Then we take the completion of the session to give the prize Chair Haydee Santamaria three young teachers, artists and cultural activists for their work customary in 2008: Willay Mendez, Erasmo Calzadilla and Heredia Nayibis
The night could have been more useful, but was unable to give it another dynamic, beyond the standard bachateo camping, as most of the participants of the Centre became the minority stayed in Havana and coexistence with other attendees on site, which was not an obstacle to interact from person to person and exchange ideas and experiences.
Morning day 15 showed promise and sunny after a night that brought a slight drizzle. 10:30 am Before the bus arrived with participants at the second day of the Critical Monitoring, Saturday, at last, almost doubling the attendance of participants and wishes to interact and dialogue were in the air.
Around 11:00 am, we agree on an agenda for the third session of the workshop and decided to start with the presentations of the Ranger, boat, and the little train. Many things distinguish these projects, but rather unites them: the will to exercise autonomy in the projections, even on the basis of tight labor agreements explicitly instantiated www.cubarte.cult.cu hierarchical as in the case of boat, or the Provincial Directorate of Culture in Havana for the Ranger. This last resort and the train, in different ways, reached important common ground. The first began as a valuable alternative newsletter, produced by Isbell Diaz on ecological depredations that occur daily in the country, as well as promotion of ecological thinking, which inevitably led to the need to localize such efforts in the framework huge urban area of \u200b\u200bSan Agustin in the municipality of La Lisa, last year celebrated there on Earth Day, which involved to local children in planting trees and a children's party for the day.
The Project Trencito from the house of Yadira Rubio and Ernesto Lopez, a housing site adjacent to the Almendares River, in the Vedado peripheral again participated in the Centre to give an account of the development for more than 15 years, a sustained and enriching experience working with children from non-competitive games that promote solidarity, creativity and work collectively. This is all a source and a critical reference to multiply efforts in this direction, at a time when signs of exhaustion growing school system in the country, from the uniform trend, and instructivists competivives.

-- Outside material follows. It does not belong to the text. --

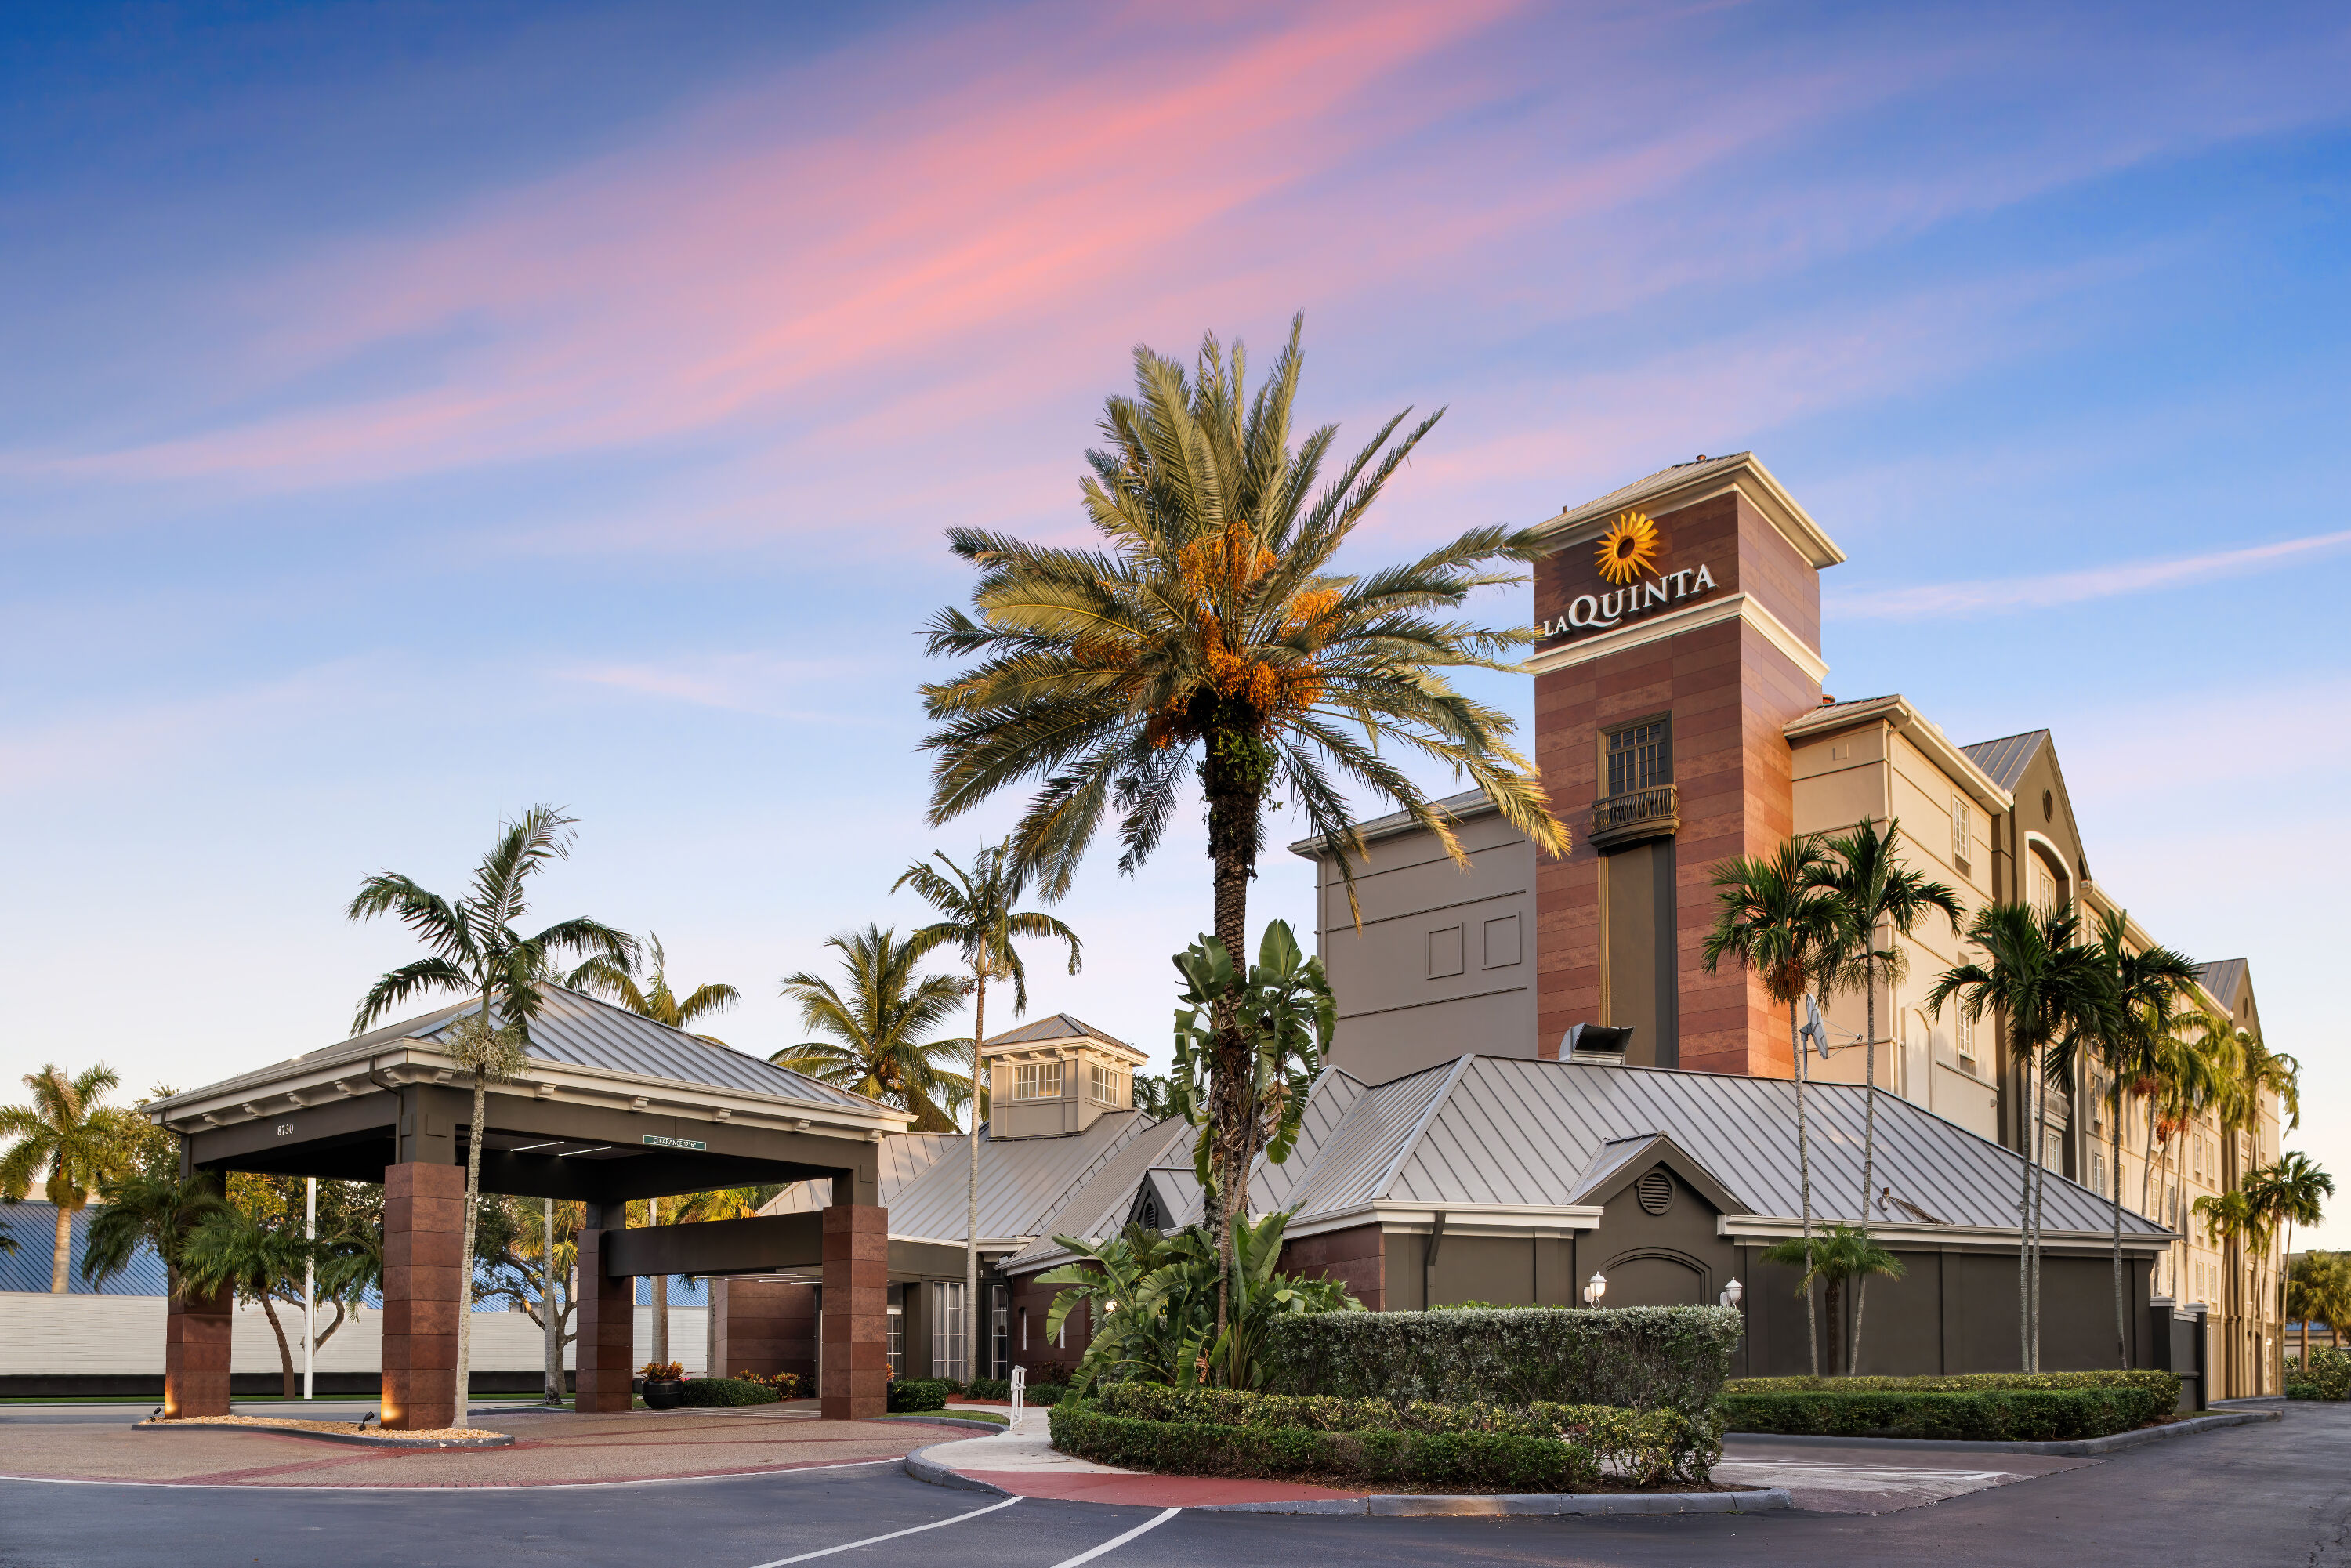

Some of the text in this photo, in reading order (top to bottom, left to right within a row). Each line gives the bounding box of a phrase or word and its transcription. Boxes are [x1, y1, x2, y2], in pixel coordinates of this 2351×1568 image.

[1543, 563, 1719, 637] LA QUINTA
[277, 1124, 294, 1135] 8730
[653, 1138, 683, 1146] CLEARANCE

These issues led the session directly to the presentations of the work of visual artists and Damian Bandin Rodolfo Peraza. The first game piece with Formal Education Manual, a work that makes the already "classic" book in a gaming experience accessible to children and adults that allows them to deconstruct the textual and symbolic scaffolding that organizes the social disciplining of children . The player must shoot with a "gun" against the text of the manual. A job that drew applause to show surprise and excitement in the present, while said the need to socialize the work, despite being inserted, assessed and recorded in the international art circuit, which precludes their total free distribution.

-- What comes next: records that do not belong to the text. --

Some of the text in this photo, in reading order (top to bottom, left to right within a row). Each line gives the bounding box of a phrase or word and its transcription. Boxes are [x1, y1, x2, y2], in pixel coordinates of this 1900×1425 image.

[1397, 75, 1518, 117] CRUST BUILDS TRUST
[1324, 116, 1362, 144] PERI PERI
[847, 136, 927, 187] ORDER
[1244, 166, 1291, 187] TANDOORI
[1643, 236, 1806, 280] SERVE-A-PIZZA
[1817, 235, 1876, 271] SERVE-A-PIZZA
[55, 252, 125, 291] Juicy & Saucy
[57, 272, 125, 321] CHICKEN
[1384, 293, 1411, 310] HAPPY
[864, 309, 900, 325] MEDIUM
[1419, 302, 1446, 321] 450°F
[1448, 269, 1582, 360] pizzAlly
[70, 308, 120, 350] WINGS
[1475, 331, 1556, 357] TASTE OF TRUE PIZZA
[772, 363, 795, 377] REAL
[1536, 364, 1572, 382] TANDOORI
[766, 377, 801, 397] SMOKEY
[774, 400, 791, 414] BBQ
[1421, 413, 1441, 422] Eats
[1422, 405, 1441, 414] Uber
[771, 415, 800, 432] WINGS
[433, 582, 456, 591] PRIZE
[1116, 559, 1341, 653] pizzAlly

Alamar, a city of the future is the name of the documentary by Damien Bandin and was presented at the Centre, almost parallel to the time when the Festival of Documentary Santiago Alvarez of Santiago de Cuba, the play received several awards in that event. The relevance of this work to the discussions of the Observatory was total, when considering a look at the historicity of Alamar project anchored in the perspective of the neighbors who lived from the beginning, revealing a story interwoven with the unexpectedly large Cuban state plans in the decades of 70 and 80, making palpable in a very concrete case the effects of these processes in the socialization of several generations of Cubans.

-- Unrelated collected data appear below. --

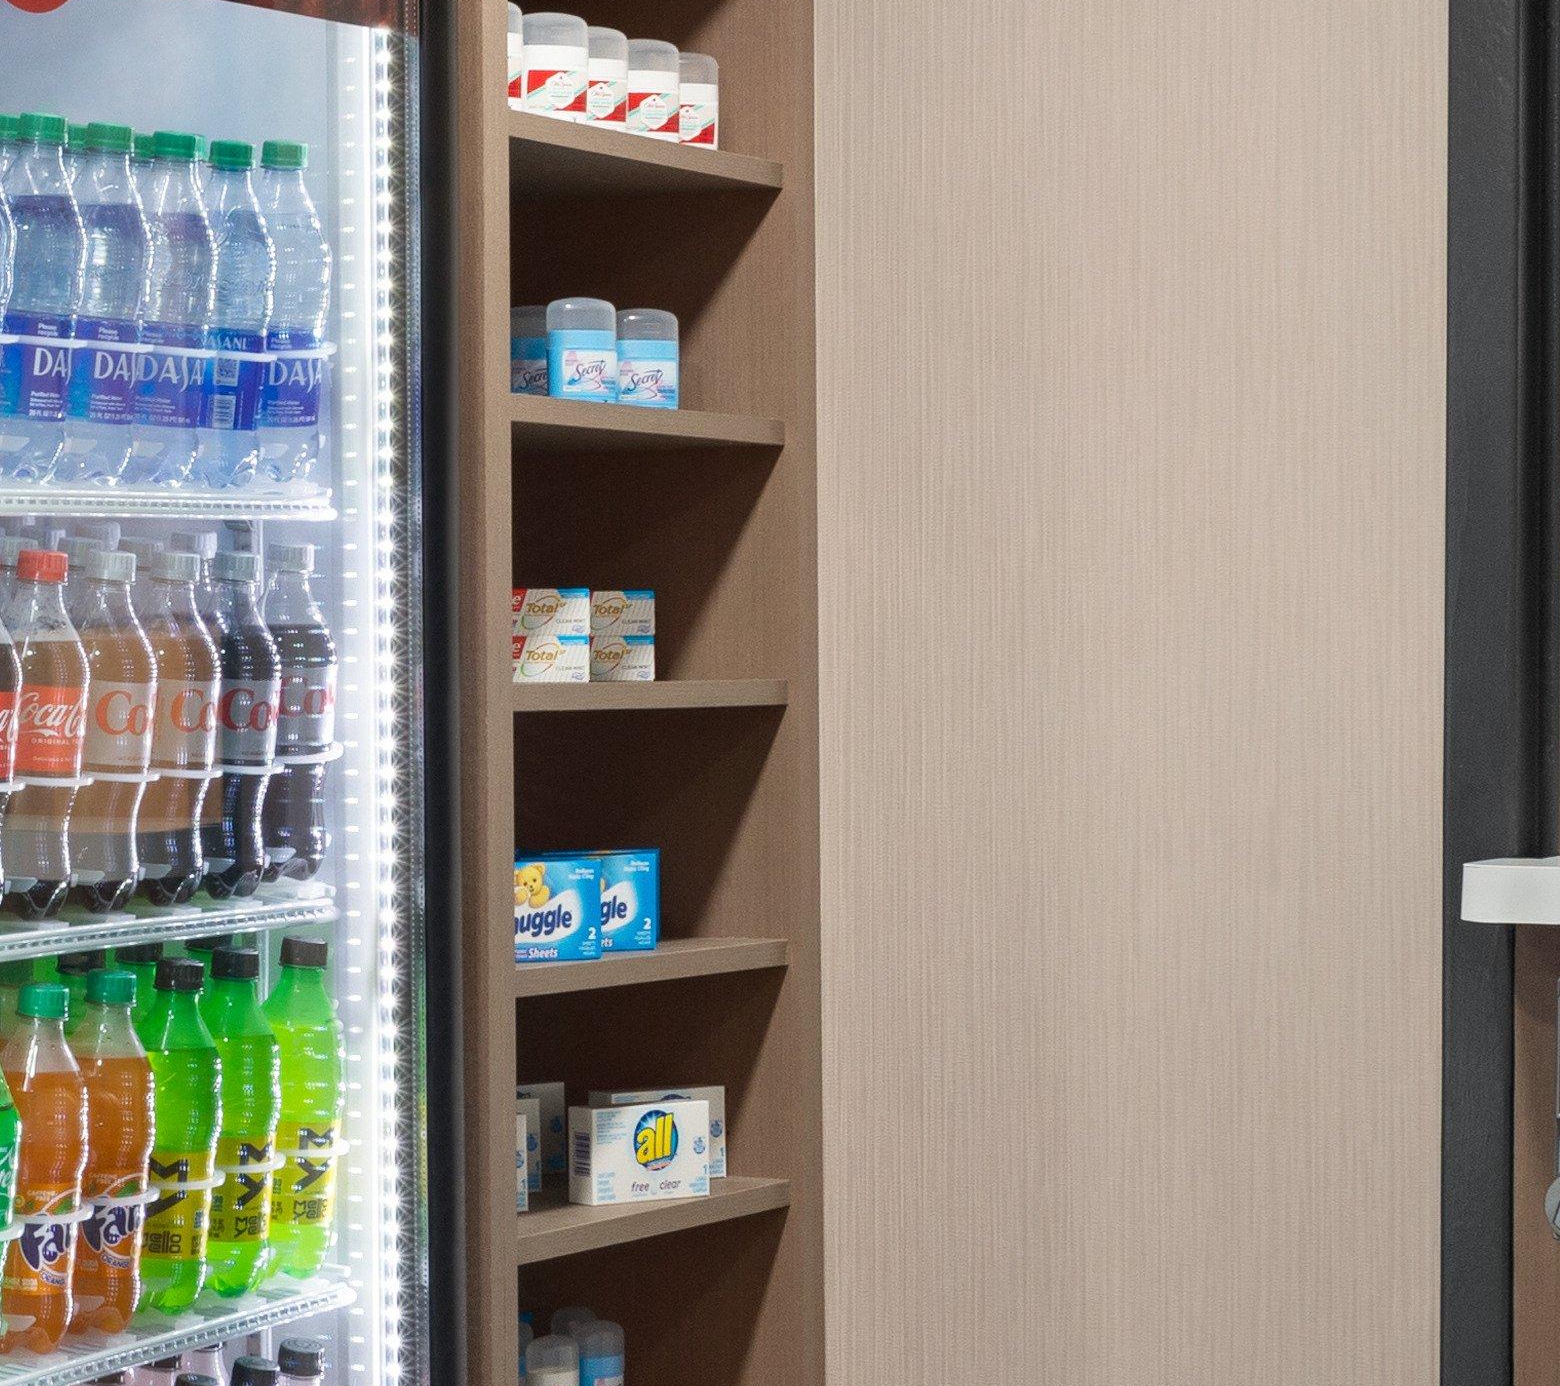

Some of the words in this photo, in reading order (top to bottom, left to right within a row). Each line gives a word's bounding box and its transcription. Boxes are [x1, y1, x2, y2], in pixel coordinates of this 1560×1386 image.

[575, 359, 606, 384] Secret
[631, 369, 664, 394] Secret
[526, 601, 559, 615] Total
[593, 603, 624, 616] Total
[526, 649, 559, 662] Total
[593, 649, 625, 662] Total
[587, 926, 597, 940] 2
[636, 1113, 675, 1165] all
[631, 1180, 650, 1193] free
[659, 1179, 681, 1191] clear

The presence of collective Americas Study Group, also was felt in the III Centre, with the introduction of Australian documentary Shamans of the Amazon, which above shows different views that are behind the conflict between the companies (state and private) predatory the environment and American indigenous communities, a conflict that involves an understanding of the nature antagonistic, the place of humans in the cycles of life and forms of interaction society and nature are at stake, what the documentary was revealing from conflicting understandings that native peoples on the one hand, and national governments and companies have around one of the most legendary Amazonian plants such as knowledge ayahuasca.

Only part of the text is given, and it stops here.